Dr. Samuel Epstein M.D.
A professor of Occupational and Environmental Medicine at the School of Public Health, University of Illinois Medical Center; an internationally recognized authority on the toxic and carcinogenic effects of the environment, including ingredients and contaminants in consumer products, food, cosmetic and household products
“lifelong use of these products … clearly poses major avoidable cancer risks to the great majority of U.S. consumers, particularly infants and young children.”
Emily Yoffe
Author “Chemical Good Looks”; U.S. News & World Report, November 10, 1997
“Each day American women reach for shampoo and conditioner, deodorant, moisturizer, and dusting powder.
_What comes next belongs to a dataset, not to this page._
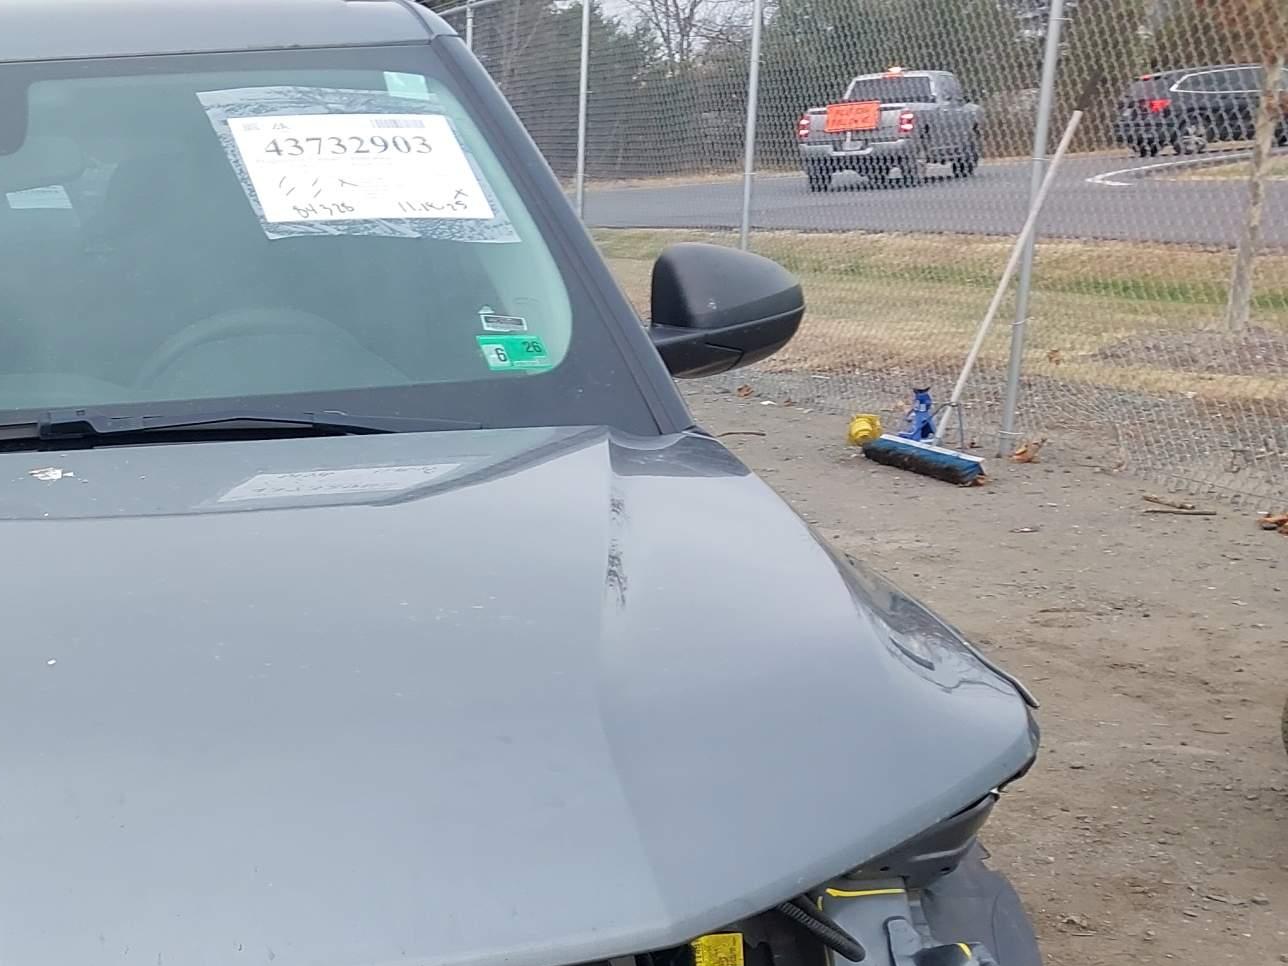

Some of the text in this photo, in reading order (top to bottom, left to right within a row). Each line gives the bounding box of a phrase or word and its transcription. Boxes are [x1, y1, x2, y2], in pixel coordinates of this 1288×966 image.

We apply blusher, eye shadow, mascara, and lipstick, then maybe dab on nail polish and perfume. We have just exposed ourselves to 200 different chemicals.”
Joel Bleifuss
Author “ To Die For”; In These Times; February 17, 1997 & Take a Powder”, These Times, March 3, 1997
“Cosmetics are among the most unregulated, and therefore most potentially harmful, consumer products on the market. Consumers fail to realize that what you put on your skin is absorbed into your body.”
Peter Phillips
Author, Director “Project Censored 1997 & 1998”, The News That Didn’t Make the News
“One of the cosmetic toxins that consumer advocates are most concerned about are nitrosamines, which contaminate a wide variety of cosmetic products. In the 1970’s, the nitrosamine contamination of cooked bacon and other nitrate-treated meats in the food industry became a public health issue. But today nitrosamines contaminate cosmetics at significantly higher levels than were once contained in bacon.”